The issue prospectus – what’s new ?

Source: Parkiet, 2016-06-13
Author: Krzysztof Marczuk attorney, partner
Przemysław Krzemieniecki trainee advocate

25 March witnessed the coming into force of Commission Delegated Regulation (EU) 2016/301 of 30 November 2015 supplementing Directive 2003/71/EC of the European Parliament and of the Council with regard to regulatory technical standards for approval and publication of the prospectus and dissemination of advertisements (“the Regulation”) and amending Commission Regulation (EC) No 809/2004.

Application for prospectus approval

The first amendment to the Regulation as hereuntil known concerns the means of application for prospectus approval. Until now, such an application along with its accompanying documents was submitted to the Polish Financial Supervision Authority (KNF) in paper form, and any subsequent versions likewise had to be submitted in writing, with signatures of all the parties to the proceedings and of the advisors. Now that the new Regulation is in force, the KNF has adopted the position that documentation ought to be filed in paper form as well as in the form of searchable electronic files.

Significantly enough, failure to submit an electronic version of the documents, and likewise submission of electronic documents not concordant with their paper versions, are now regarded by the KNF as formal defects which preclude consideration of the application on its merits. Each and every new version of the prospectus – whether submitted at the request of the KNF, or as a correction of the applicant’s own initiative – should be filed in an electronic version along with a summary of the changes signed by all the parties whom those changes concern (and not by all the parties to the proceedings as well as their advisors, as was hereto the case). The summary of the changes should be signed using a trusted ePUAP profile or a secure electronic signature verified using a qualifying, valid certificate. The summary may be signed by an attorney only. As for the final version of the prospectus, it must – as was previously the case – be submitted in its paper version, with signatures by all the parties to the proceedings. Our assessment of these changes is positive – all in all, they should have the effect of simplifying and facilitating the prospectus proceedings on the issuer’s side.

Publication of the prospectus

The prevailing form for publishing issue prospectuses is that of an electronic file which may be posted on a website. As a general rule, most Polish issuers carry out their IPOs in Poland only.
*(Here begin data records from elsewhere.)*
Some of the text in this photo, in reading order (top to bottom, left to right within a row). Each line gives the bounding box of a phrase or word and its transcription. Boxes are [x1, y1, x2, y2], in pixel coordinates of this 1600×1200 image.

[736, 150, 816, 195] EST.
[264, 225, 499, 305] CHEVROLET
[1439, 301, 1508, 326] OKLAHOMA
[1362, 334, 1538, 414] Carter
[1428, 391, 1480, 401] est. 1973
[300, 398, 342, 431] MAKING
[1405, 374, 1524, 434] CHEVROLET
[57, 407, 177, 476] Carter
If the “prospectus passport” procedure is not followed and the shares are not registered with competent authorities in other jurisdictions, a Polish prospectus may not be published – or taken as an offer to purchase, or subscribe for, shares – in any other country. In order to avoid the risk of running afoul of restrictions on offering or promoting shares in foreign jurisdictions, issuers publishing their prospectuses on their websites (and likewise their brokers) have resorted to internet “gateways” in the form of appropriate disclaimers which must be acknowledged and accepted before accessing the actual prospectus. For some reason, the European Commission has taken a sceptical view of this solution. The Regulation provides that prospective investors may not be required to accept legal disclaimers before perusing the electronic version of an issue prospectus posted online. At the same time, the category of “disclaimers” as distinguished by the Regulation does not encompass filters with warnings specifying the national jurisdictions in which the offer is being made and obligating website visitors to specify their country of residence or, alternatively, to state that they do not reside in a certain country. Analysis of a sample of recent prospectuses drawn up under the new regime indicates that, for the moment being, regulatory oversight practice with respect to internet “gateways” is not consistent.
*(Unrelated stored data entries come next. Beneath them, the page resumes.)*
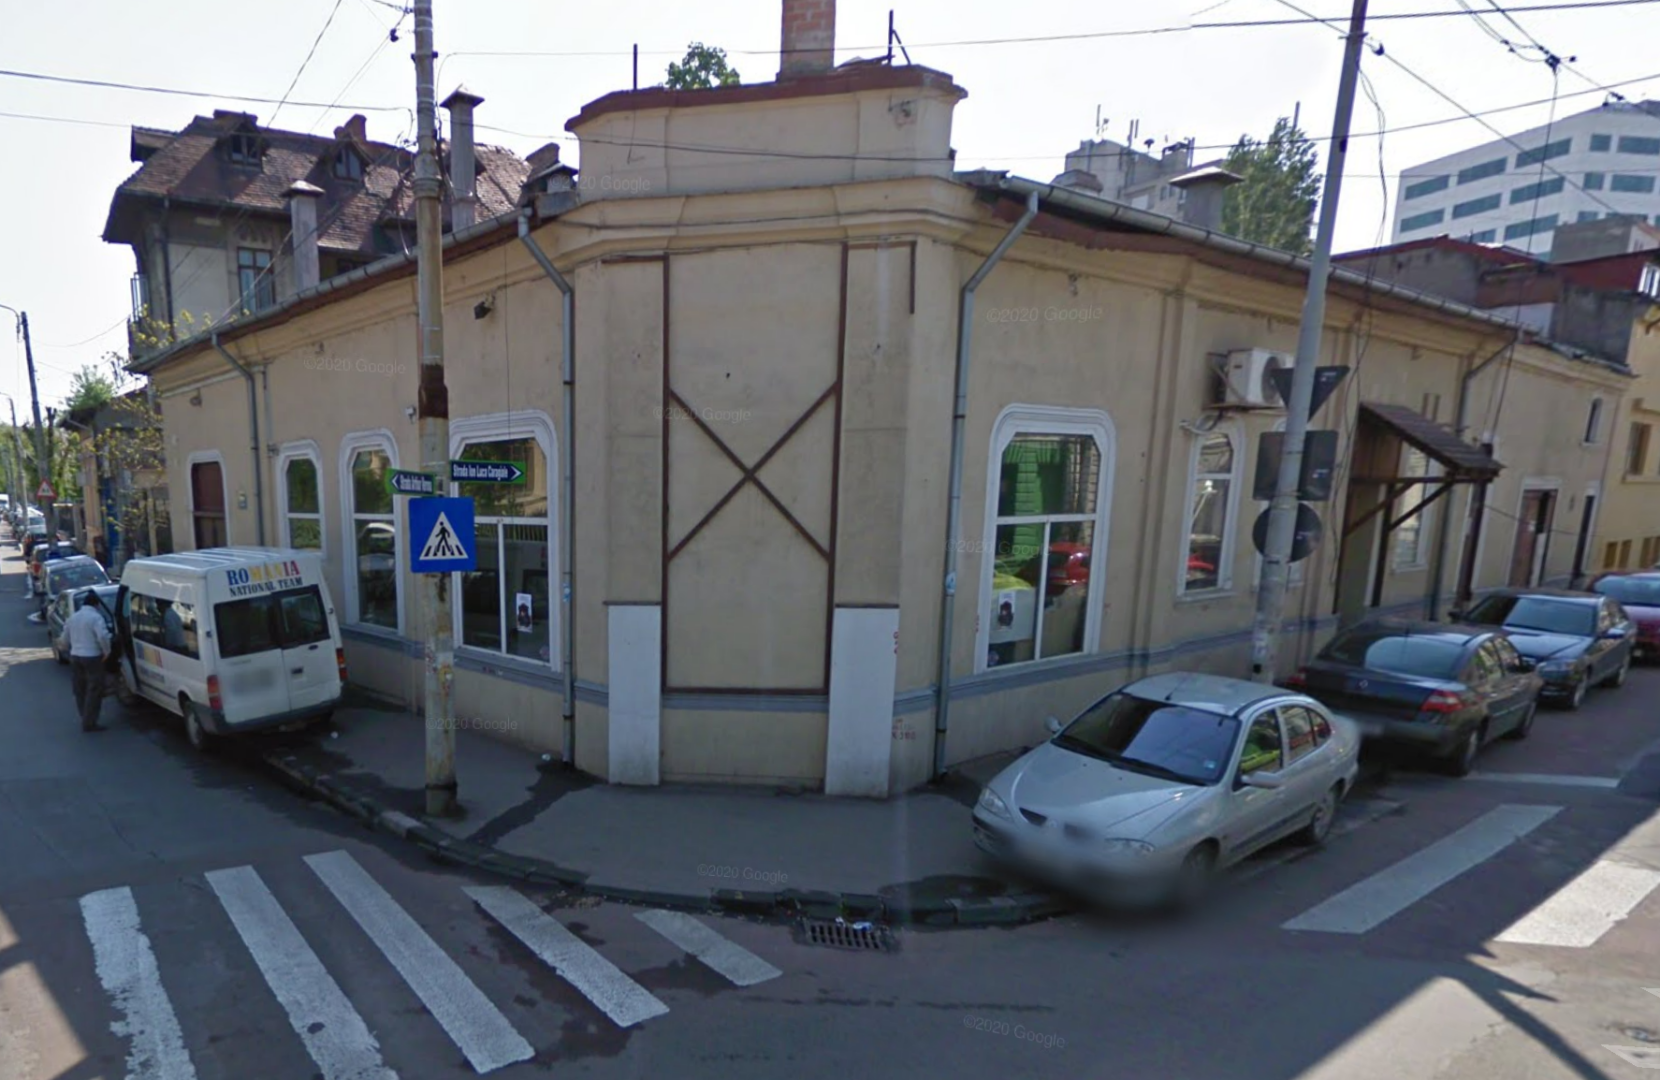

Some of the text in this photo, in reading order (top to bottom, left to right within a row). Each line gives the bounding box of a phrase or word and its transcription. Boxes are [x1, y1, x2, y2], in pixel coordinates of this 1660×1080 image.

[476, 465, 487, 478] Luca
[229, 576, 303, 597] NATIONAL TEAM
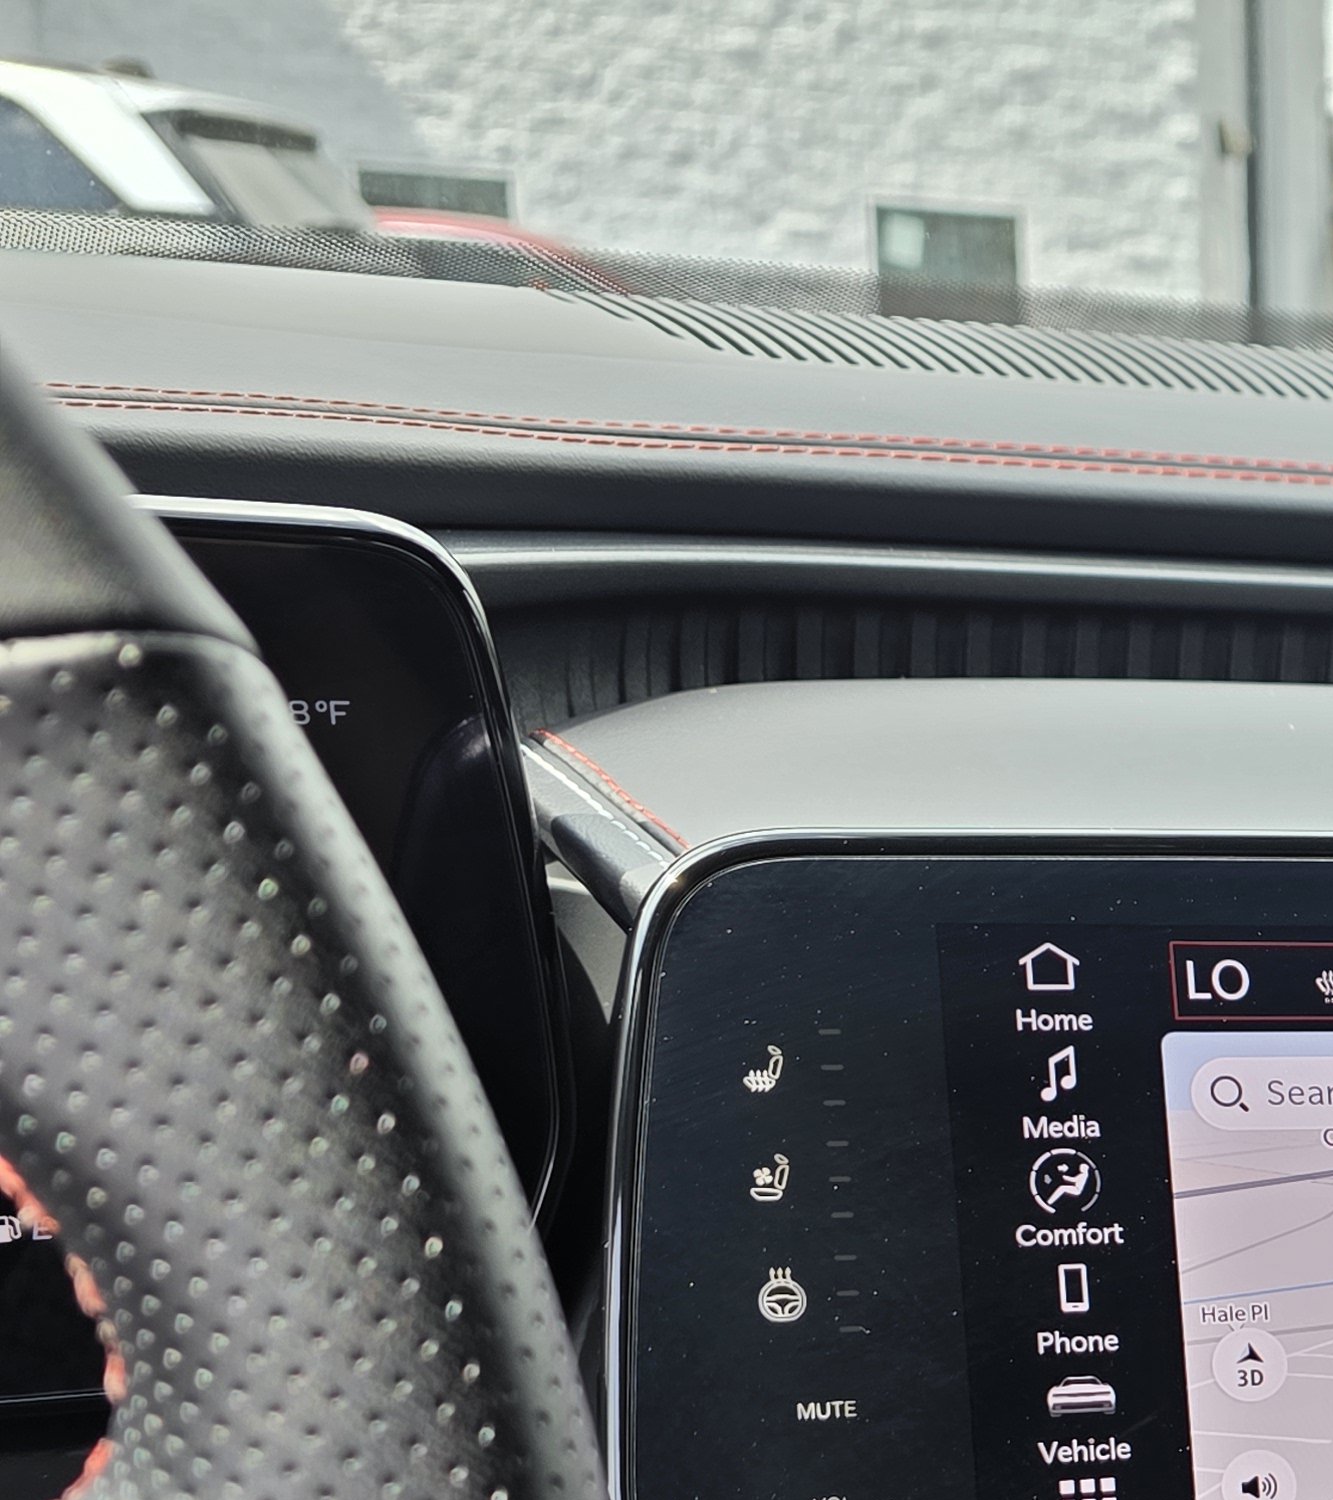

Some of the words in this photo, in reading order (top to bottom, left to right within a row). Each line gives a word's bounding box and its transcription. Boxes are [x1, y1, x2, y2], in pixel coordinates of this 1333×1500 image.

[1184, 958, 1251, 1002] LO
[1016, 1009, 1094, 1031] Home
[1022, 1115, 1101, 1139] Media
[1016, 1223, 1124, 1246] Comfort
[1200, 1305, 1245, 1324] Hale
[1036, 1331, 1119, 1355] Phone
[1237, 1369, 1264, 1388] 3D
[796, 1400, 857, 1420] MUTE
[1037, 1437, 1131, 1462] Vehicle
Dissemination of advertisements and of alternative indicators of the issuer’s results

Under the amended Regulation, in the event that an IPO is advertised to the general public and, subsequently, an annex to the issue prospectus is published, revealing a new material factor, a material error, or an inaccuracy of the original prospectus, the original advertisement must likewise be supplemented with a new one, clearly amending the previous one.

Under a new provision, issuers may not publish (before or after publishing the prospectus) information setting out alternative result indicators other than those published – or, as the case may be, to be published – in the prospectus. For these purposes, alternative indicators include past or present financial indicators concerning the financial results, financial situation, or cash flow other than those employed in the issuer’s financial reports. Under the previous rules, the selling issuer and entities acting on its behalf or on its instructions were barred from publishing information inconsistent with the issue prospectus. The Regulation includes no details as to the addressees of the proscription on publishing alternative indicators. If we were to presume that this proscription is addressed to entities other than those referred to above, this would have extensive implications as regards drawing up and distributing reports and analyses by independent market analysts – and, indeed, on offering practice. If these restrictions were to be applied on a blanket basis, the significance of analyst reports as an alternative source of independent knowledge about the issuer might be undermined.